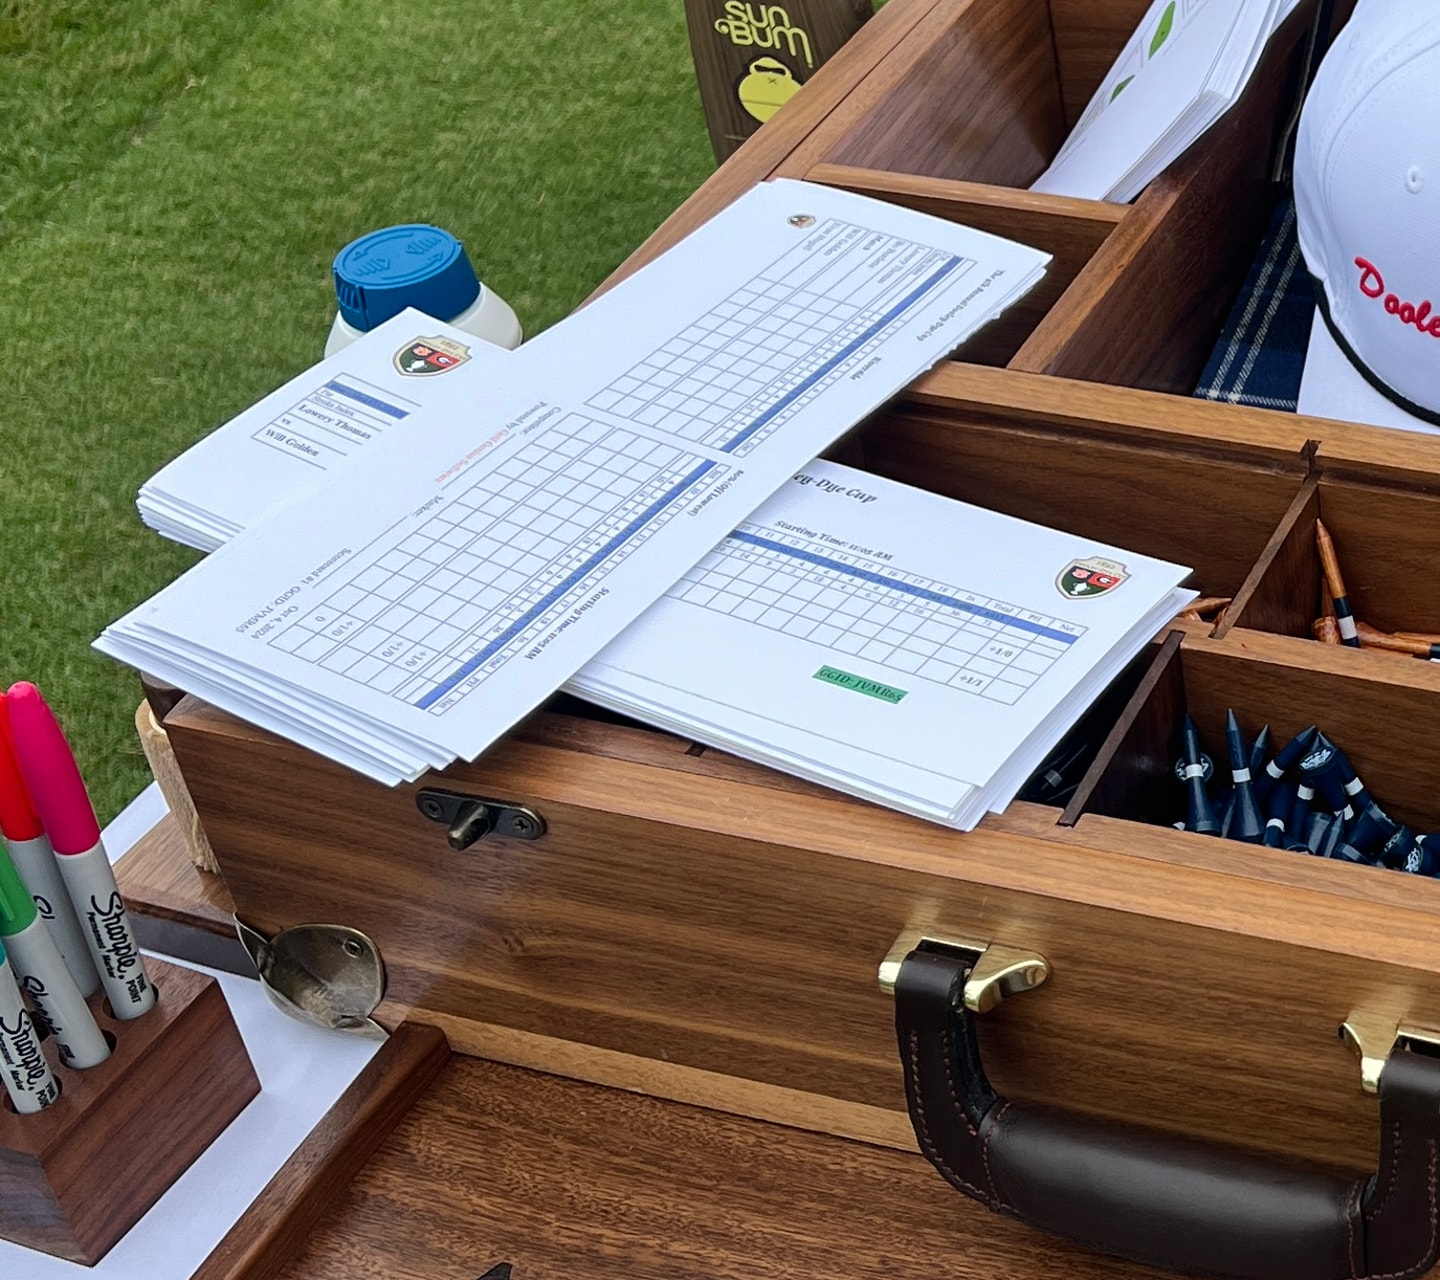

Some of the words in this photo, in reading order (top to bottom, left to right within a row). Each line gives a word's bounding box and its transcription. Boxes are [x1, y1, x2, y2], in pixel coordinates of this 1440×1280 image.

[297, 404, 334, 423] Lowery
[334, 419, 371, 439] Thomas
[265, 429, 287, 441] Will
[285, 438, 319, 456] Golden
[845, 488, 877, 504] Cup
[774, 520, 818, 538] Starting
[818, 532, 848, 547] Time:
[573, 587, 610, 615] Starting
[993, 602, 1014, 613] Total
[280, 605, 299, 617] Oct
[250, 622, 276, 640] 2024
[989, 646, 1013, 658] +1/0
[960, 675, 983, 687] +1/1
[126, 979, 142, 1004] POINT
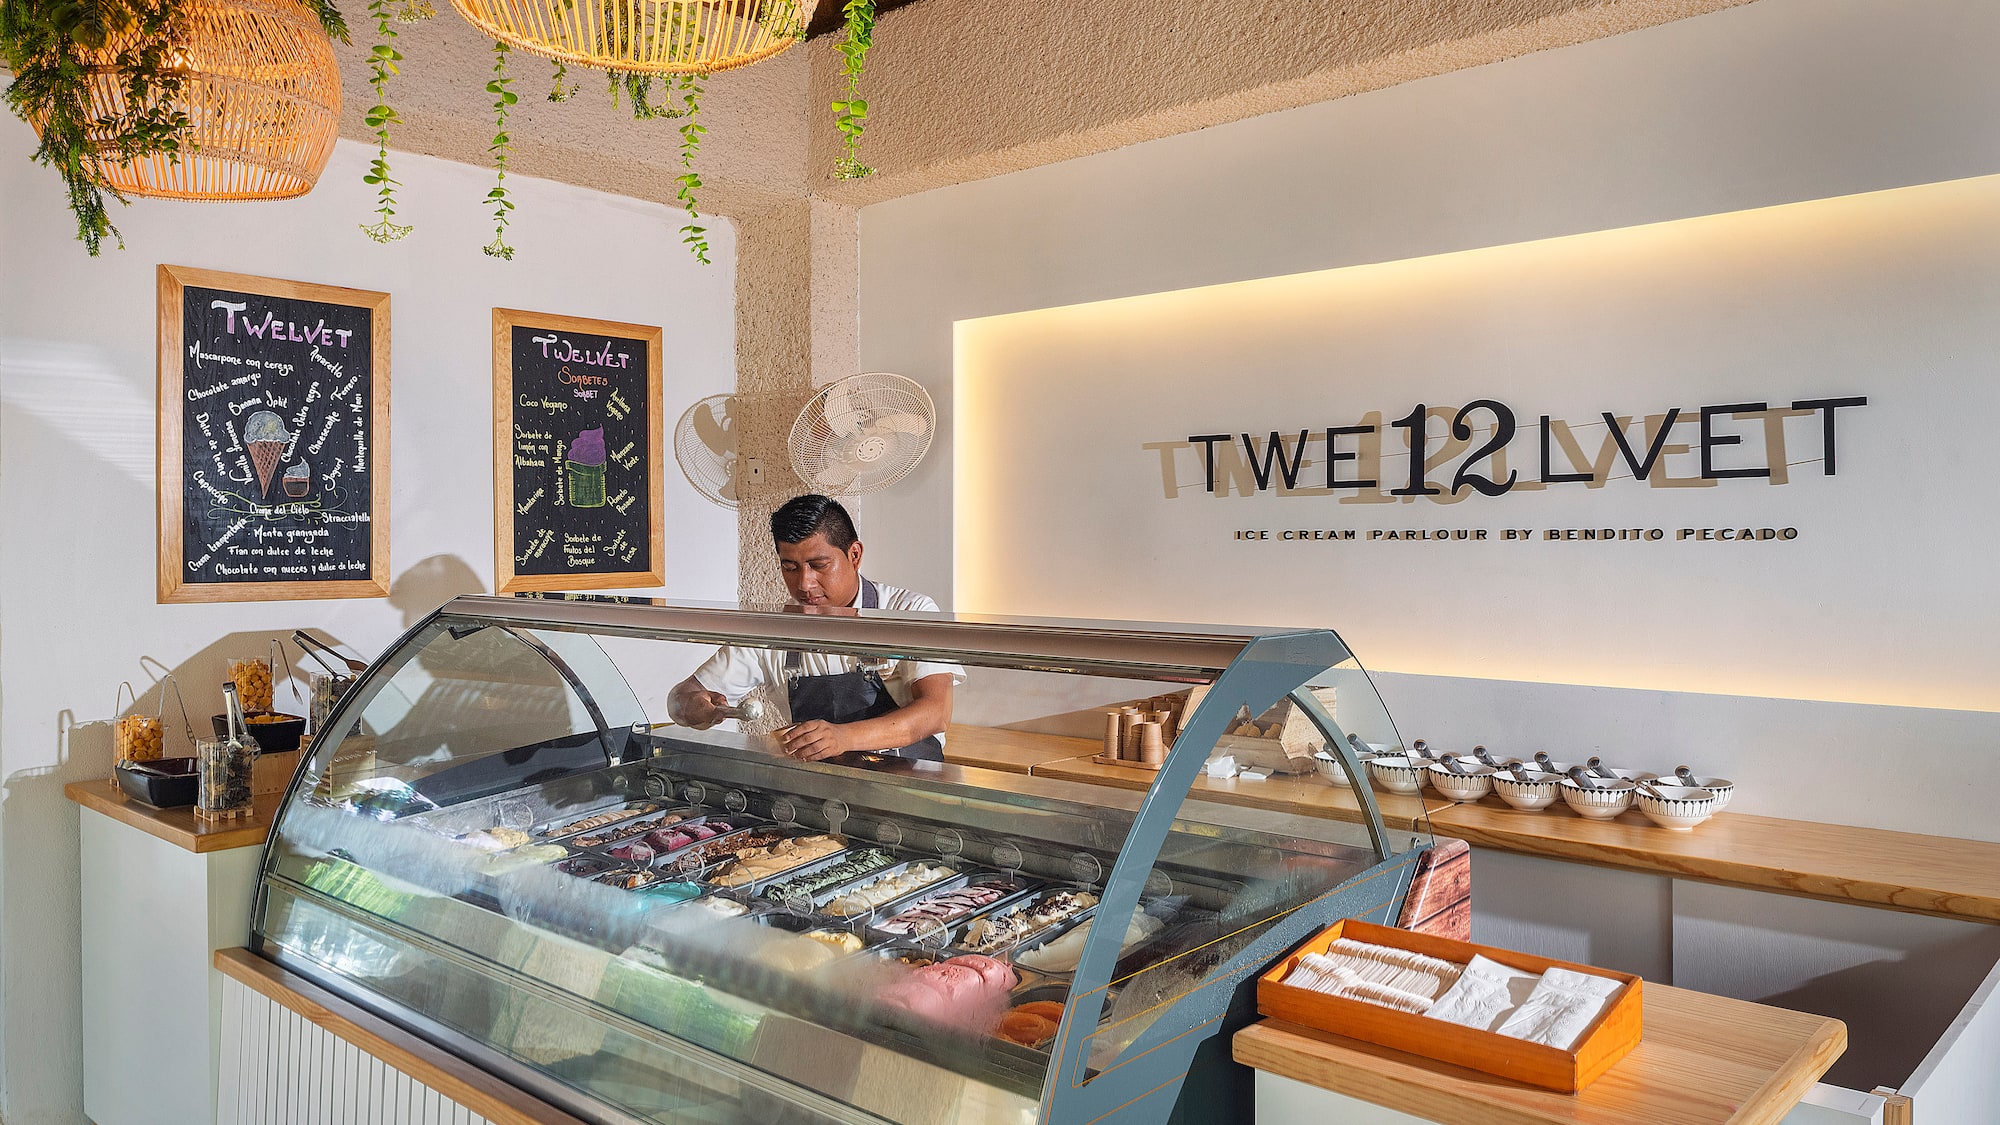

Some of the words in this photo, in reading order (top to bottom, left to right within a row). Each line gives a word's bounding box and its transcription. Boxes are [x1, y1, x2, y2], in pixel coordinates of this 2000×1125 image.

[211, 300, 352, 348] TWELVET
[189, 340, 242, 369] Mascarpone
[246, 359, 260, 369] con
[310, 345, 343, 378] Amaretto
[532, 334, 629, 369] TWELVET
[188, 382, 230, 401] Chocolate
[231, 372, 261, 386] amargo
[228, 397, 262, 415] Banana
[265, 390, 288, 408] Split
[519, 393, 539, 407] Coco
[541, 395, 568, 416] Vegano
[196, 412, 211, 437] Dulce
[281, 429, 301, 462] Chocolate
[292, 406, 309, 427] Selva
[306, 381, 321, 403] negra
[353, 416, 363, 428] de
[514, 423, 542, 439] Sorbete
[544, 431, 552, 439] de
[308, 411, 340, 454] Cheesecake
[208, 439, 218, 451] de
[538, 444, 549, 454] con
[552, 439, 567, 464] Mango
[212, 451, 226, 476] leche
[322, 457, 345, 491] Yogurt
[556, 465, 563, 476] de
[274, 504, 286, 514] del
[290, 503, 309, 514] Cielo
[253, 524, 283, 544] Menta
[286, 527, 329, 544] granizada
[564, 532, 590, 543] Sorbete
[592, 533, 602, 542] de
[603, 529, 626, 557] Sorbete
[1237, 530, 1269, 540] ICE
[1283, 530, 1356, 540] CREAM
[1372, 529, 1488, 540] PARLOUR
[1506, 528, 1533, 540] BY
[1550, 528, 1664, 540] BENDITO
[1683, 527, 1798, 540] PECADO
[267, 546, 290, 556] dulce
[294, 546, 306, 555] de
[311, 546, 334, 557] leche
[515, 539, 540, 566] Sorbete
[536, 528, 546, 538] de
[583, 545, 595, 553] del
[620, 541, 628, 551] de
[188, 554, 211, 571] Crema
[215, 563, 258, 575] Chocolate
[263, 565, 277, 575] con
[281, 565, 308, 574] nueces
[311, 565, 316, 575] y
[318, 563, 336, 572] dulce
[338, 562, 346, 570] de
[348, 560, 366, 571] leche
[567, 555, 595, 567] Bosque
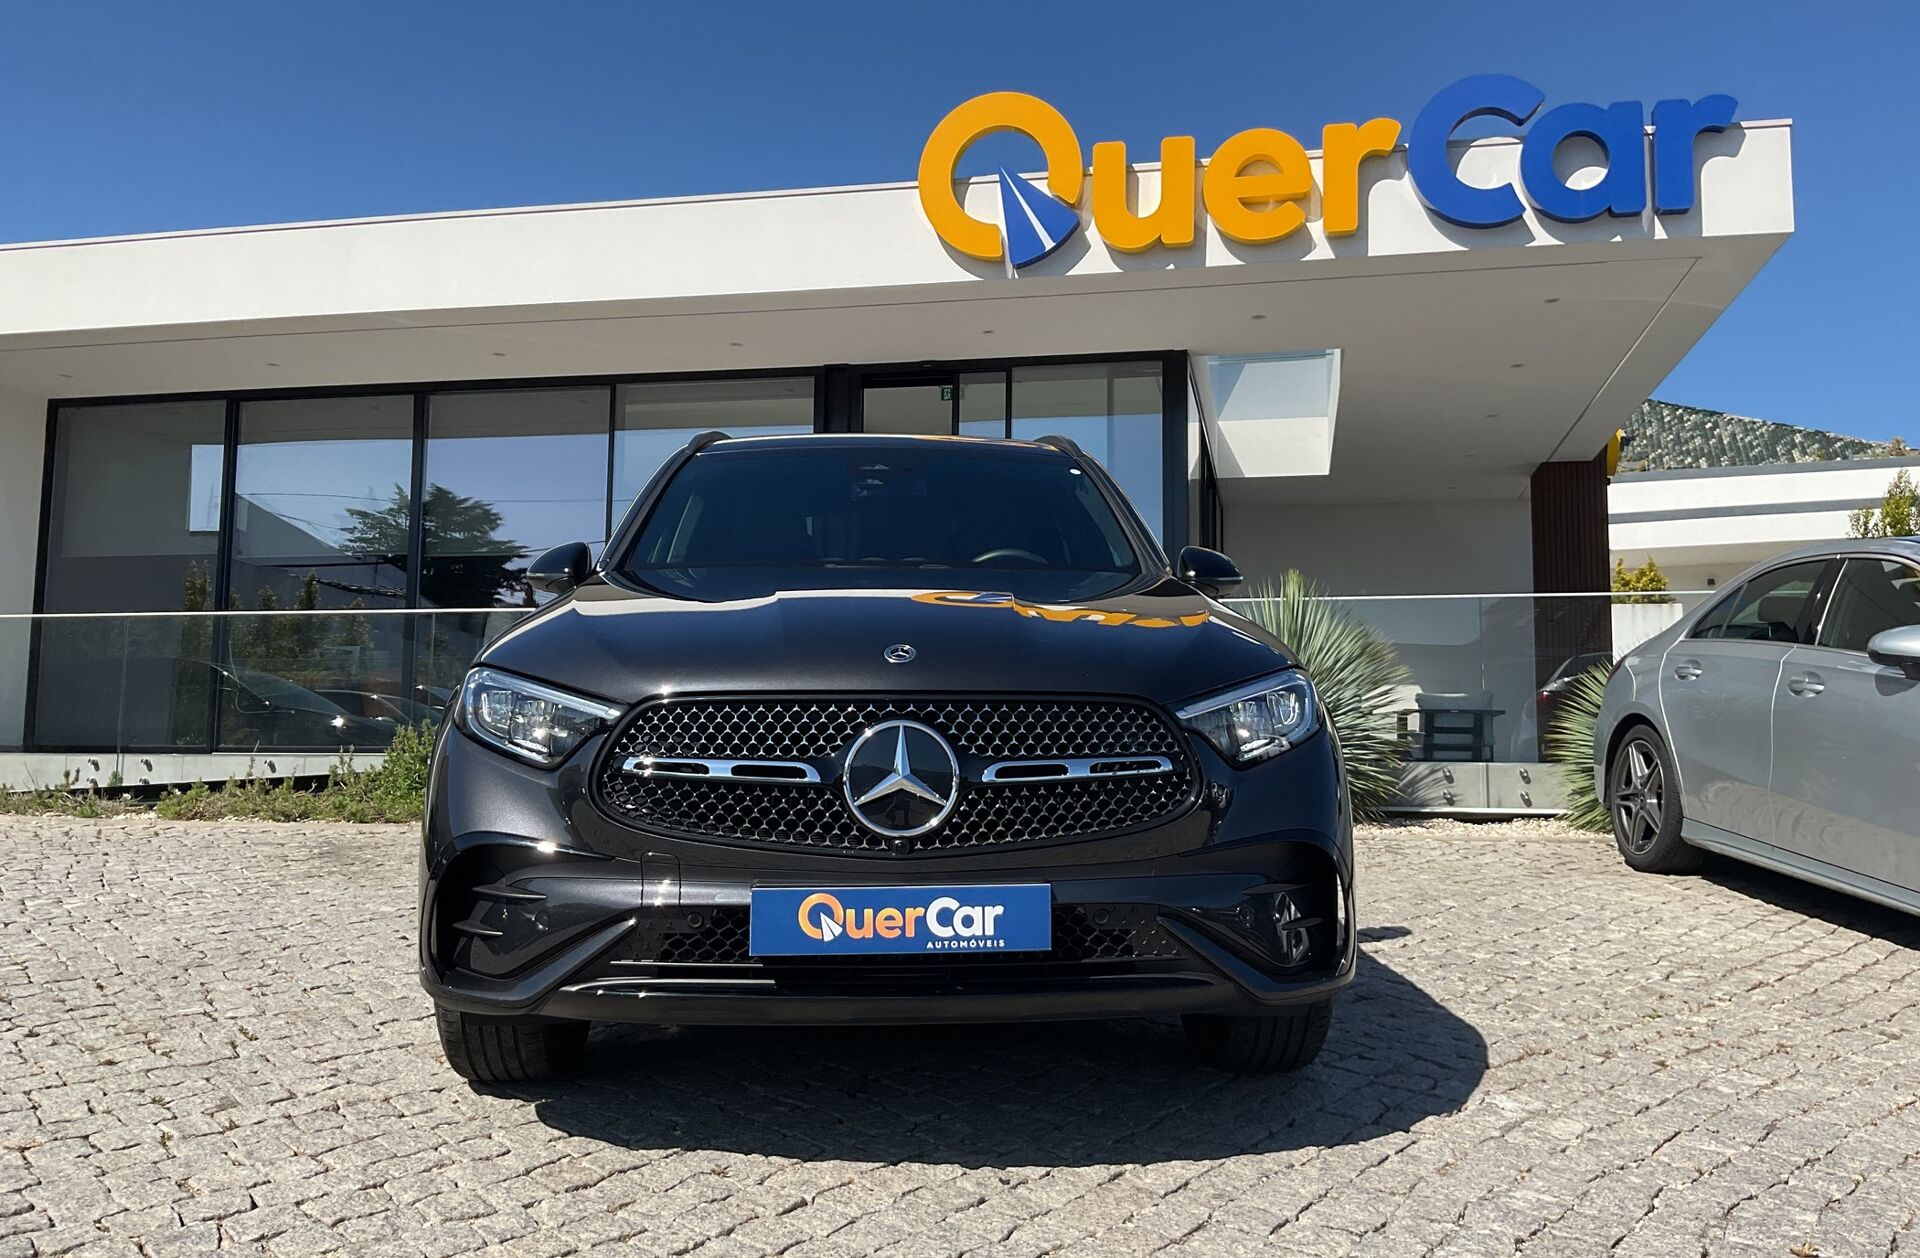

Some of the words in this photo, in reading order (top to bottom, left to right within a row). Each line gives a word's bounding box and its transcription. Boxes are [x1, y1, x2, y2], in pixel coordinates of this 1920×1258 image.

__Work request__: With the pictures omitted, repeat the full set of records above exactly.

__Answer to this exercise__:
Some of the words in this photo, in reading order (top to bottom, left to right within a row). Each line gives a word's bounding box and its transcription. Boxes are [x1, y1, x2, y2], in pixel coordinates of this 1440×1280 image.

[297, 404, 334, 423] Lowery
[334, 419, 371, 439] Thomas
[265, 429, 287, 441] Will
[285, 438, 319, 456] Golden
[845, 488, 877, 504] Cup
[774, 520, 818, 538] Starting
[818, 532, 848, 547] Time:
[573, 587, 610, 615] Starting
[993, 602, 1014, 613] Total
[280, 605, 299, 617] Oct
[250, 622, 276, 640] 2024
[989, 646, 1013, 658] +1/0
[960, 675, 983, 687] +1/1
[126, 979, 142, 1004] POINT

Some of the words in this photo, in reading order (top to bottom, left to right within a row). Each line gives a word's bounding box and its transcription. Boxes are [x1, y1, x2, y2], in pixel coordinates of this 2000×1125 image.

[211, 300, 352, 348] TWELVET
[189, 340, 242, 369] Mascarpone
[246, 359, 260, 369] con
[310, 345, 343, 378] Amaretto
[532, 334, 629, 369] TWELVET
[188, 382, 230, 401] Chocolate
[231, 372, 261, 386] amargo
[228, 397, 262, 415] Banana
[265, 390, 288, 408] Split
[519, 393, 539, 407] Coco
[541, 395, 568, 416] Vegano
[196, 412, 211, 437] Dulce
[281, 429, 301, 462] Chocolate
[292, 406, 309, 427] Selva
[306, 381, 321, 403] negra
[353, 416, 363, 428] de
[514, 423, 542, 439] Sorbete
[544, 431, 552, 439] de
[308, 411, 340, 454] Cheesecake
[208, 439, 218, 451] de
[538, 444, 549, 454] con
[552, 439, 567, 464] Mango
[212, 451, 226, 476] leche
[322, 457, 345, 491] Yogurt
[556, 465, 563, 476] de
[274, 504, 286, 514] del
[290, 503, 309, 514] Cielo
[253, 524, 283, 544] Menta
[286, 527, 329, 544] granizada
[564, 532, 590, 543] Sorbete
[592, 533, 602, 542] de
[603, 529, 626, 557] Sorbete
[1237, 530, 1269, 540] ICE
[1283, 530, 1356, 540] CREAM
[1372, 529, 1488, 540] PARLOUR
[1506, 528, 1533, 540] BY
[1550, 528, 1664, 540] BENDITO
[1683, 527, 1798, 540] PECADO
[267, 546, 290, 556] dulce
[294, 546, 306, 555] de
[311, 546, 334, 557] leche
[515, 539, 540, 566] Sorbete
[536, 528, 546, 538] de
[583, 545, 595, 553] del
[620, 541, 628, 551] de
[188, 554, 211, 571] Crema
[215, 563, 258, 575] Chocolate
[263, 565, 277, 575] con
[281, 565, 308, 574] nueces
[311, 565, 316, 575] y
[318, 563, 336, 572] dulce
[338, 562, 346, 570] de
[348, 560, 366, 571] leche
[567, 555, 595, 567] Bosque

Some of the words in this photo, in reading order (top to bottom, left to right within a row). Each line gives a word's bounding box and its transcription. Boxes are [x1, y1, x2, y2], in pixel coordinates of this 1920×1258 image.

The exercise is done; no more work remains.